うちゅうてきなとりで

The Cosmological Fort 無職戦闘員による本メモ、創作、外国語の勉強その他

『1984』George Orwell

 「ビッグ・ブラザー」率いる政府によってコントロールされた全体主義社会を描くディストピア文学。ザミャーチン『われら』等とともに、この種の物語のプロトタイプとなった本である。

 

 (1)窓のない、塔のような建物の中に浮かび上がる「真理省」その他の省庁。テレスクリーンがスミスらを監視し、敵であるエマニュエル・ゴルドシュタインを映し出す。それに興奮し、憎悪をかきたてられる市民たちの風景。

 (2)「戦争は平和、自由は隷属、無知は力」に始まる、政府の唱える空疎なスローガンの数々。

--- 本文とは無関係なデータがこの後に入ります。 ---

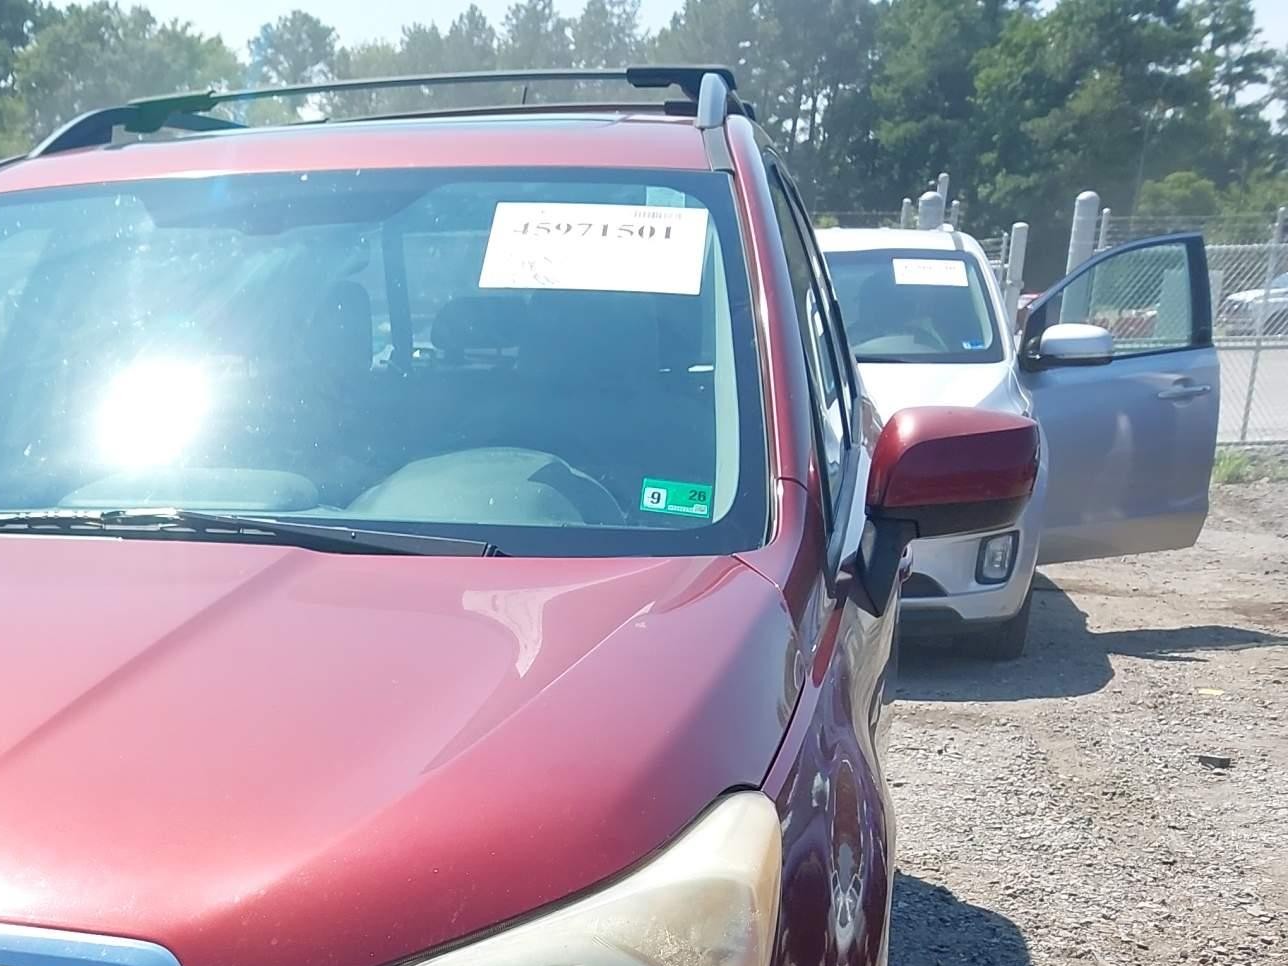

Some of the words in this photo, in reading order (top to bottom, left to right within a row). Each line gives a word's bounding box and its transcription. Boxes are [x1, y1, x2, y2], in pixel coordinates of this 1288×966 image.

[513, 222, 673, 240] 45971501
[651, 491, 661, 504] 9
[689, 490, 706, 502] 26
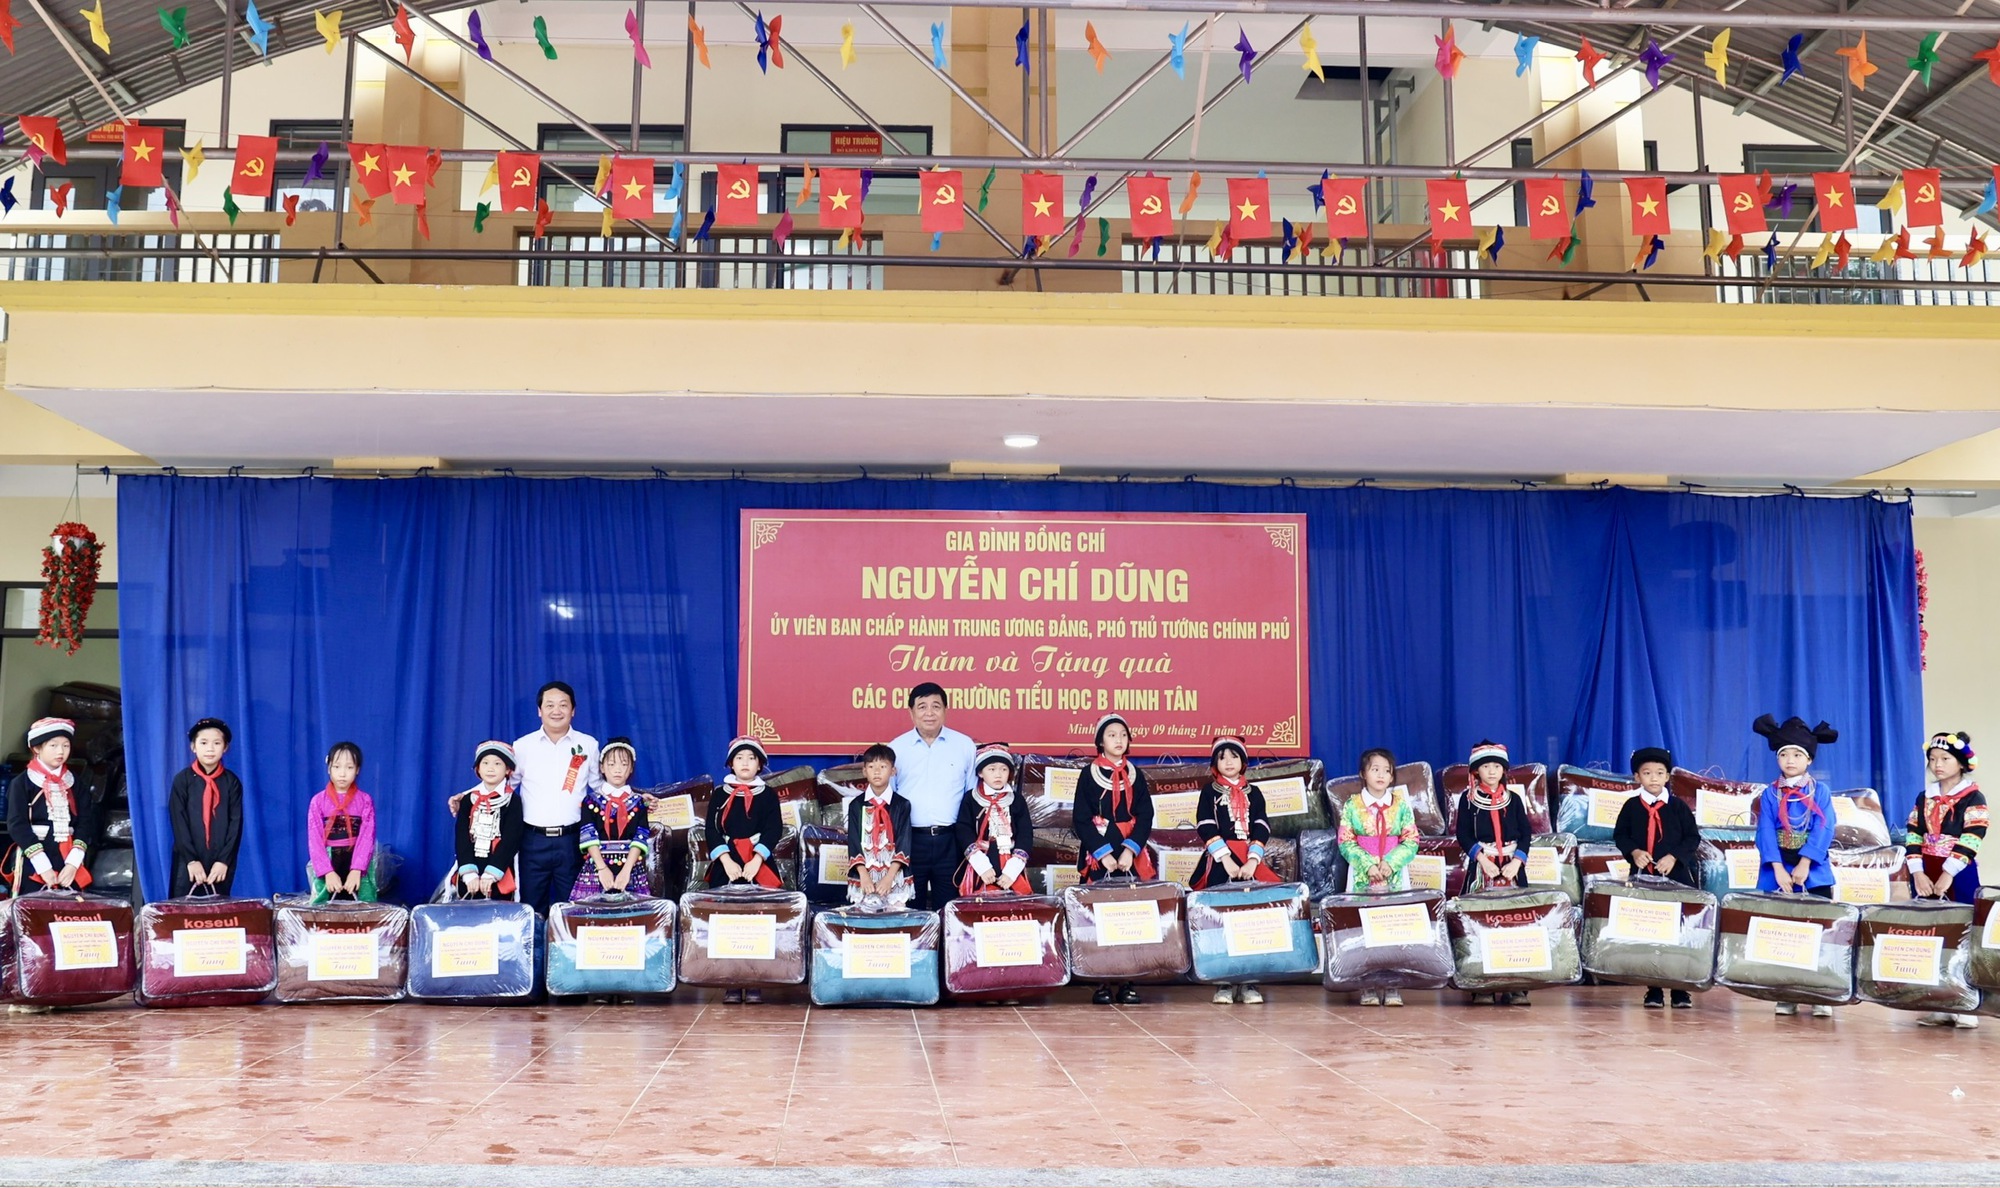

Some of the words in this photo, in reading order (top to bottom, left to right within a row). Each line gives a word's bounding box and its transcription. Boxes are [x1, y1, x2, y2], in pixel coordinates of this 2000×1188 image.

[835, 136, 851, 147] HIỆU
[945, 530, 975, 552] GIA
[978, 526, 1020, 552] ĐÌNH
[1025, 524, 1072, 552] ĐỒNG
[1077, 527, 1105, 553] CHÍ
[862, 554, 1007, 601] NGUYỄN
[1019, 560, 1079, 602] CHÍ
[1091, 561, 1189, 603] DŨNG
[770, 611, 790, 636] ỦY
[793, 614, 827, 636] VIÊN
[830, 618, 862, 636] BAN
[865, 612, 905, 637] CHẤP
[908, 613, 951, 638] HÀNH
[952, 617, 1001, 637] TRUNG
[1004, 617, 1046, 638] ƯƠNG
[1047, 613, 1093, 641] ĐẢNG,
[1096, 615, 1127, 638] PHÓ
[1130, 615, 1158, 639] THỦ
[1161, 614, 1209, 639] TƯỚNG
[1212, 616, 1258, 640] CHÍNH
[1261, 616, 1290, 640] PHỦ
[889, 644, 976, 673] Thăm
[986, 651, 1020, 673] và
[1031, 645, 1110, 680] Tặng
[1119, 652, 1173, 680] quà
[852, 683, 887, 709] CÁC
[945, 683, 1011, 710] TRƯỜNG
[1015, 680, 1053, 710] TIỂU
[1058, 688, 1092, 714] HỌC
[1097, 688, 1109, 710] B
[1114, 689, 1160, 711] MINH
[1164, 685, 1197, 711] TÂN
[1067, 723, 1095, 735] Minh
[1152, 724, 1165, 735] 09
[1167, 724, 1198, 738] tháng
[1200, 724, 1211, 736] 11
[1214, 724, 1237, 736] năm
[1240, 725, 1264, 736] 2025
[1156, 780, 1199, 791] koseul
[184, 916, 239, 929] koseul
[1485, 910, 1537, 924] koseul
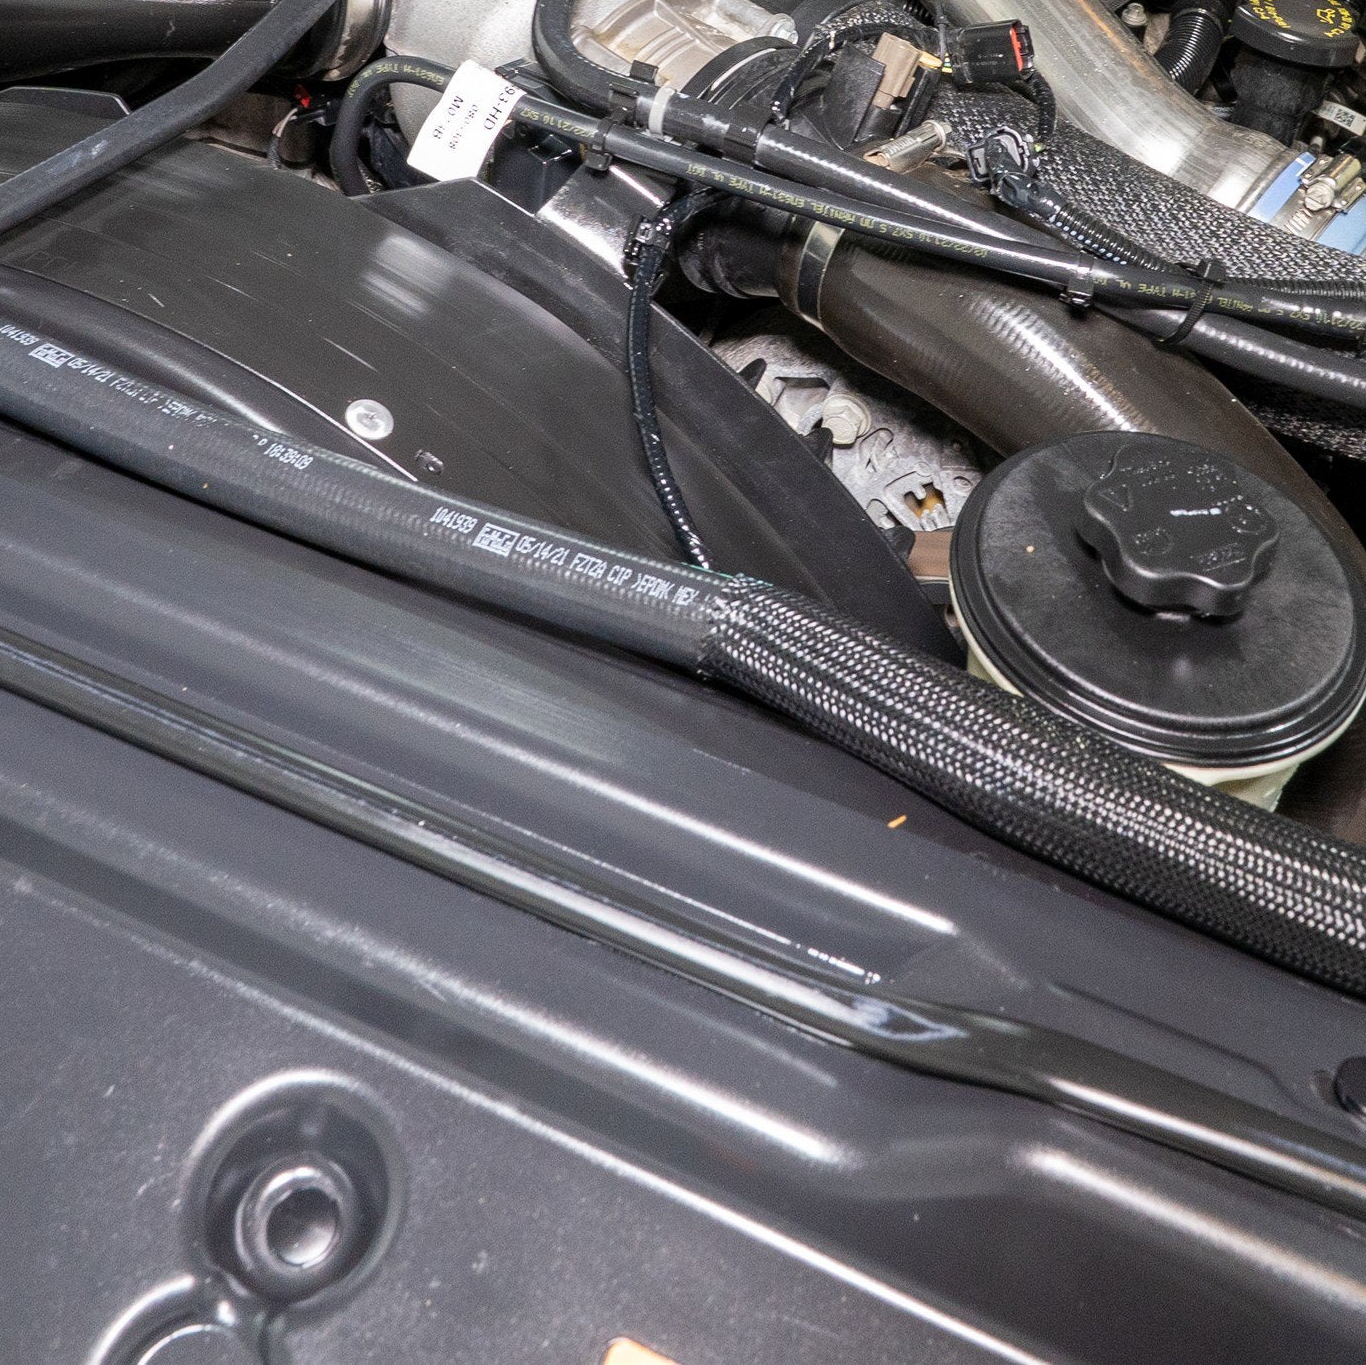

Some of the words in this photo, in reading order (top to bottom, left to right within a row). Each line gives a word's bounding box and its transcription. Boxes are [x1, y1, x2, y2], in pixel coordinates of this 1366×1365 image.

[265, 442, 310, 469] 18:39:09
[431, 507, 476, 534] 1041939
[515, 535, 569, 565] 05/14/21
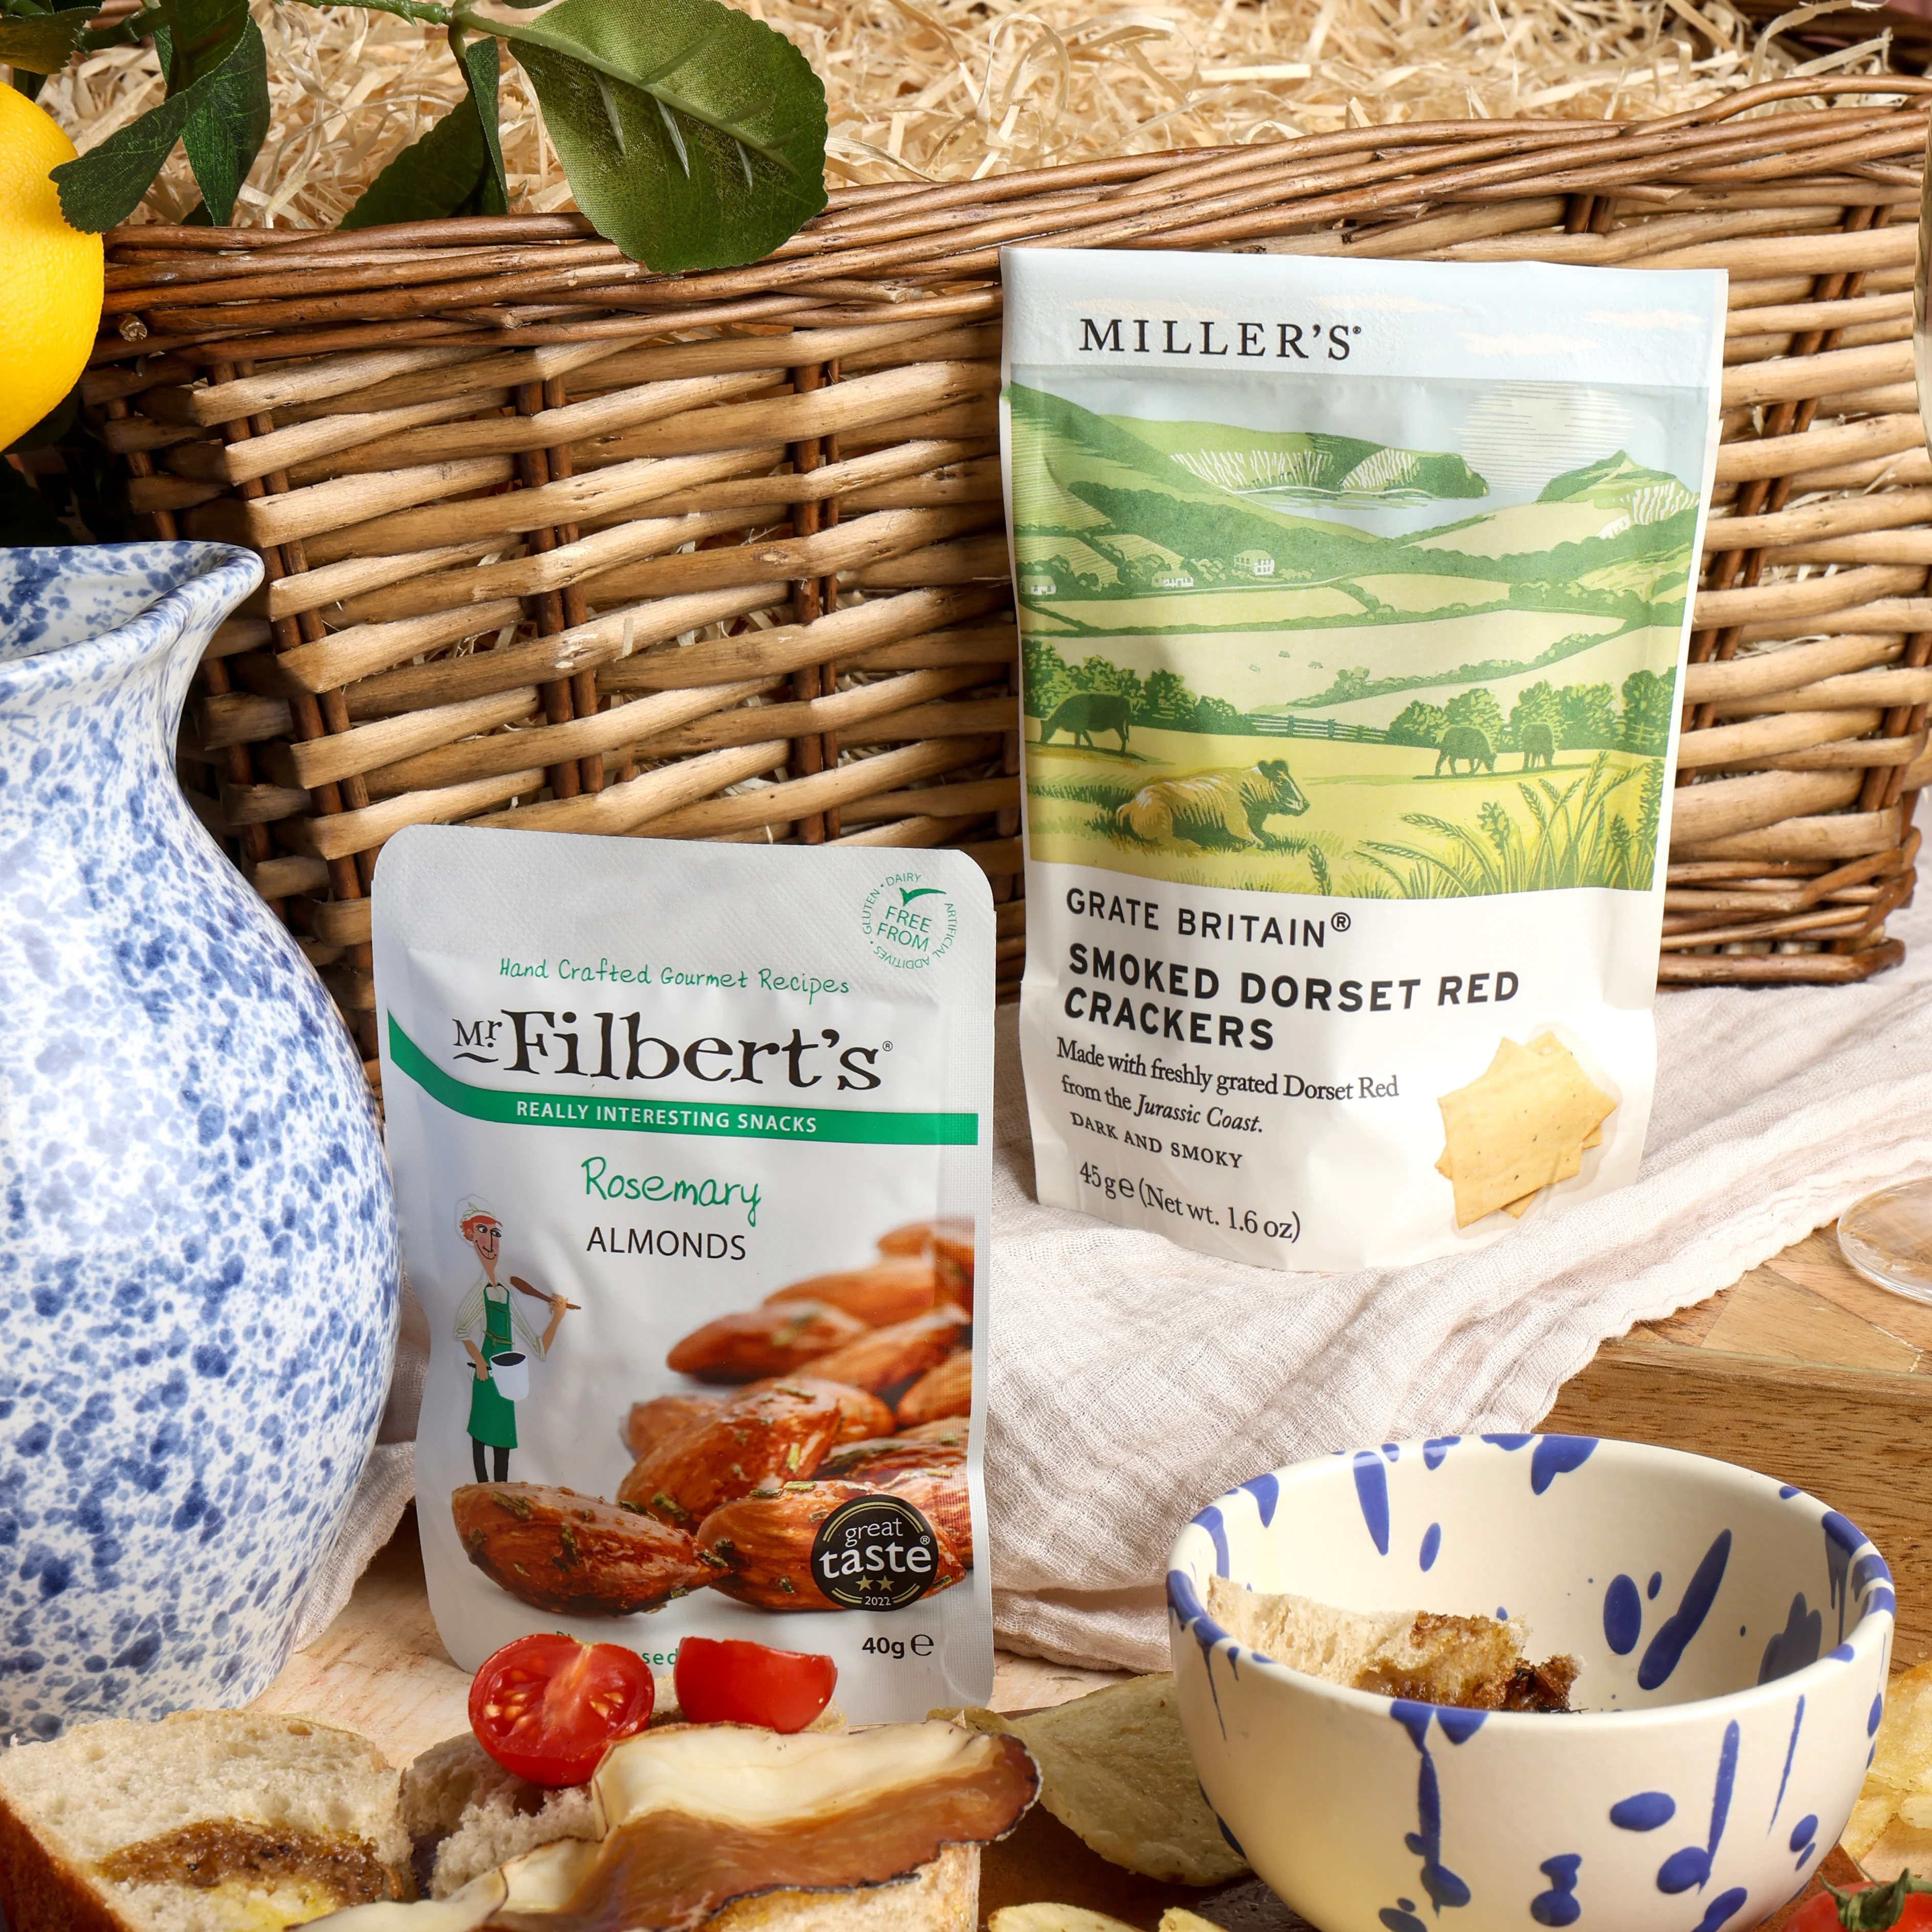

 (3)経済は衰退しており、また政府の発表は嘘で塗り固められている。真理省で働くスミスや彼の同僚たちも、嘘と抑圧行為に加担することが任務である。

 (4)このような末世の社会において、スミスは監視から隠れたところで日記を書く。かれはかすかながら、現状に違和感を覚え、また反感を抱いており、必死に自分の思考を書き留めようと努力する。

 (5)スミスは、自分を凝視する若い女ジュリアから告白される。かれは女のことを思想警察だと考えていたがそうではなかった。

 (6)同僚のオブライエンに勧誘されたスミスとジュリアは、秘密の反政府組織の一員となる。この組織は完全な非合法組織で、構成員は自己を滅して奉公しなければならない。

 オブライエンから渡された、政府の敵ゴルドシュタインの著作は、平等を目指す政治が、最終的に寡頭制に至る道筋を解説している。

 大衆から、独立した知性と思考を奪うためには、富や余暇を与えず、働かせているほうがいい。

 労働力の最も良い消化手段は戦争である。3つの超大国は、自分たちの既得権益を守るために、恒常的に戦争を続けている。云々。

 (7)二重スパイによって捕えられたウィンストンは、思想警察から拷問を受け、嘘の自白をさせられる。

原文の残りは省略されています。